*** Block opens ***

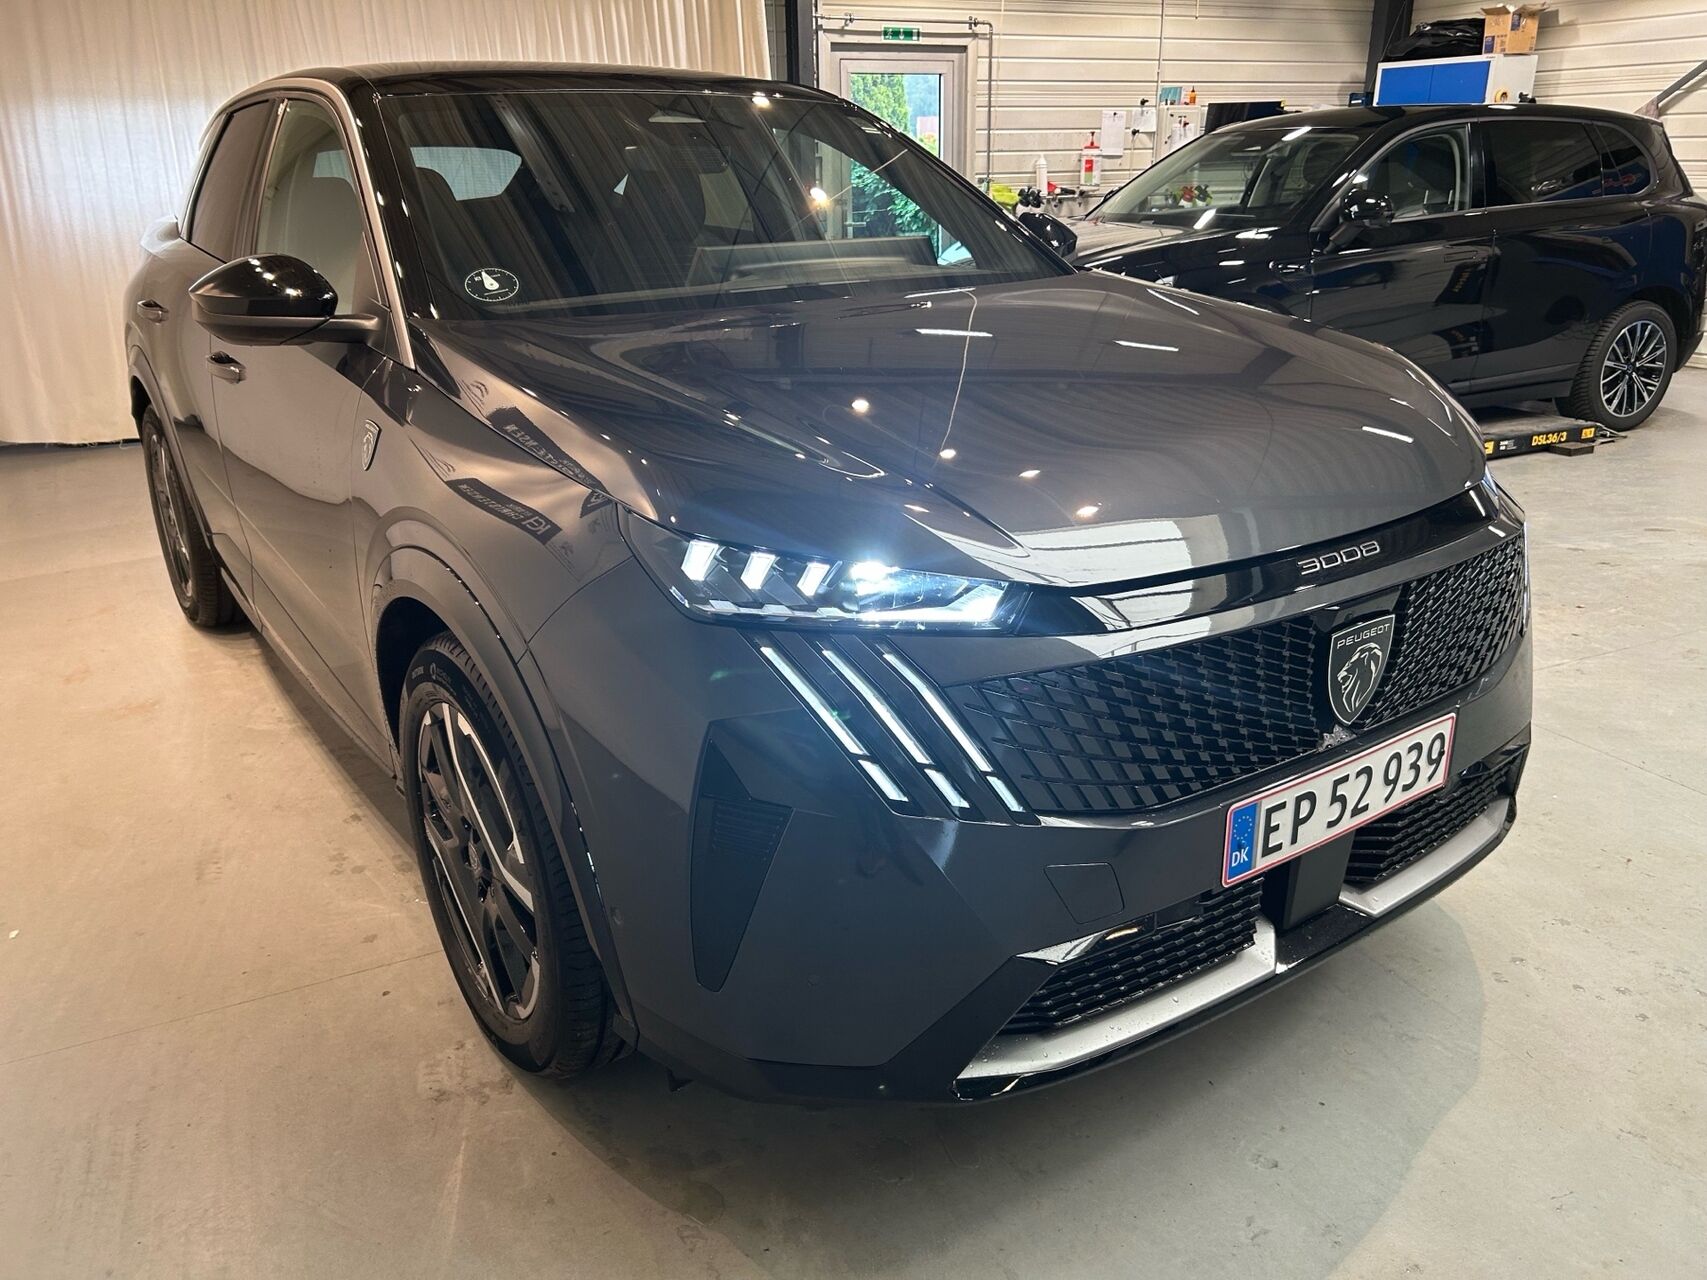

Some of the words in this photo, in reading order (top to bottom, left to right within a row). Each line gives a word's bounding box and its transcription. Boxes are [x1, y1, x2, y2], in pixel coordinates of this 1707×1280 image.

[1531, 431, 1568, 446] DSL36/3
[1298, 541, 1381, 575] 3008
[1336, 623, 1390, 649] PEUGEOT
[1261, 790, 1317, 859] EP
[1326, 765, 1373, 829] 52
[1383, 732, 1447, 803] 939
[1231, 846, 1249, 867] DK
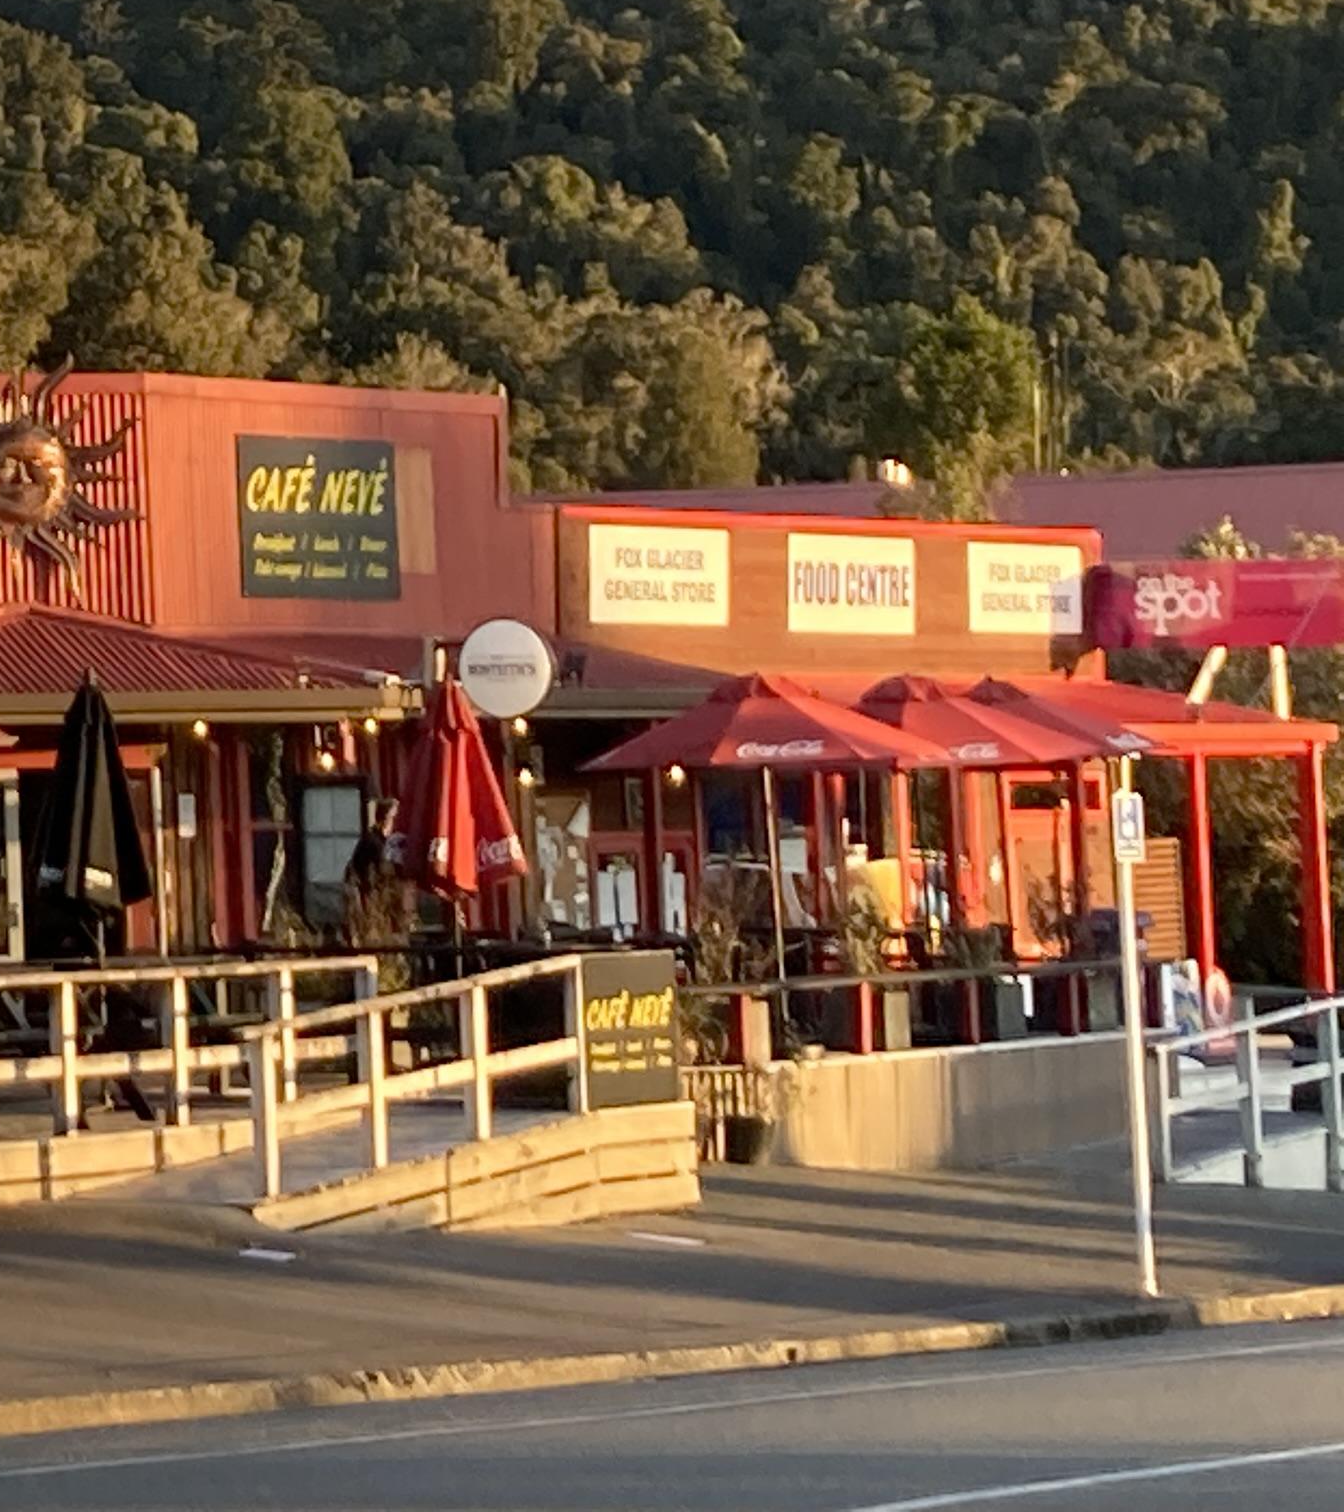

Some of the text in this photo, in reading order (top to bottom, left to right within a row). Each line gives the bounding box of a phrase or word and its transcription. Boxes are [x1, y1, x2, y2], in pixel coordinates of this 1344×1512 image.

[246, 454, 388, 516] CAFÉ NEVÉ
[615, 547, 704, 571] FOX GLACIER
[604, 578, 716, 603] GENERAL STORE
[794, 561, 910, 607] FOOD CENTRE
[1136, 573, 1196, 592] on the
[1134, 579, 1223, 637] spot
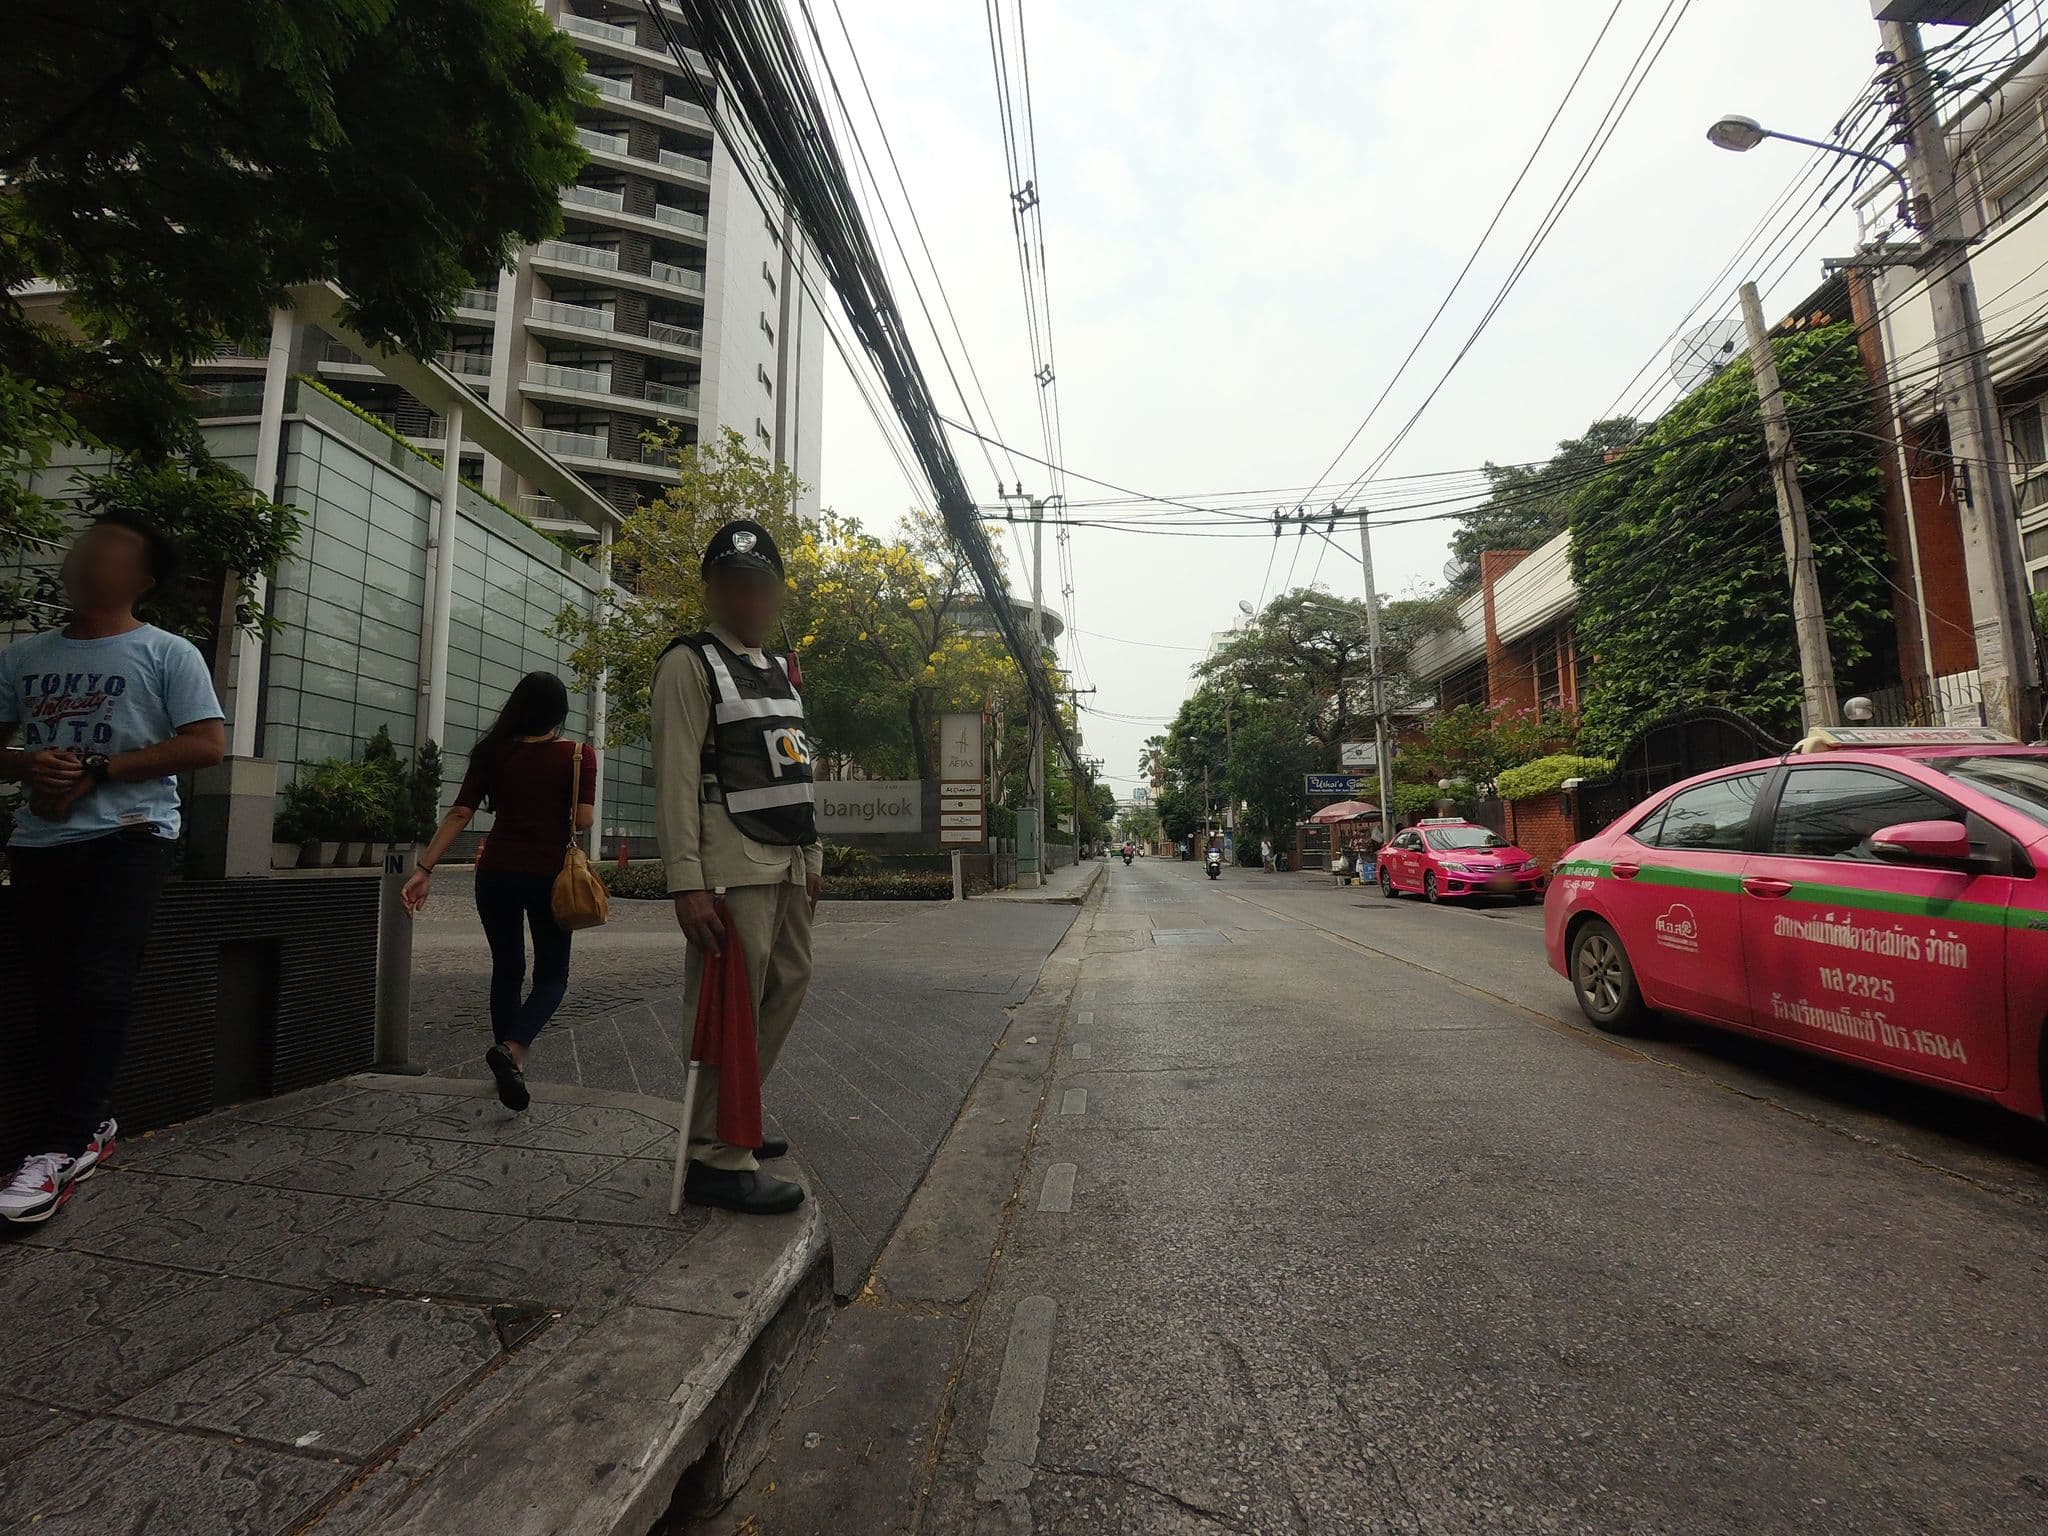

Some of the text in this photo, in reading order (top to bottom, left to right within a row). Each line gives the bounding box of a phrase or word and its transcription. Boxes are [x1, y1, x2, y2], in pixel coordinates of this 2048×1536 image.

[22, 672, 126, 697] TOKYO
[823, 798, 913, 821] bangkok
[384, 854, 403, 874] IN
[1925, 929, 1968, 968] จำกัด
[1846, 973, 1896, 1004] 2325

*** Block closes ***

# ABOUT THIS EXERCISE:
Top to bottom, retype the listing exactly but drop every picture.

# EXERCISE RESPONSE:
Some of the words in this photo, in reading order (top to bottom, left to right within a row). Each line gives a word's bounding box and its transcription. Boxes are [x1, y1, x2, y2], in pixel coordinates of this 1707×1280 image.

[1531, 431, 1568, 446] DSL36/3
[1298, 541, 1381, 575] 3008
[1336, 623, 1390, 649] PEUGEOT
[1261, 790, 1317, 859] EP
[1326, 765, 1373, 829] 52
[1383, 732, 1447, 803] 939
[1231, 846, 1249, 867] DK

Some of the text in this photo, in reading order (top to bottom, left to right within a row). Each line gives the bounding box of a phrase or word and its transcription. Boxes are [x1, y1, x2, y2], in pixel coordinates of this 1344×1512 image.

[246, 454, 388, 516] CAFÉ NEVÉ
[615, 547, 704, 571] FOX GLACIER
[604, 578, 716, 603] GENERAL STORE
[794, 561, 910, 607] FOOD CENTRE
[1136, 573, 1196, 592] on the
[1134, 579, 1223, 637] spot

Some of the text in this photo, in reading order (top to bottom, left to right within a row). Each line gives the bounding box of a phrase or word and its transcription. Boxes are [x1, y1, x2, y2], in pixel coordinates of this 2048×1536 image.

[22, 672, 126, 697] TOKYO
[823, 798, 913, 821] bangkok
[384, 854, 403, 874] IN
[1925, 929, 1968, 968] จำกัด
[1846, 973, 1896, 1004] 2325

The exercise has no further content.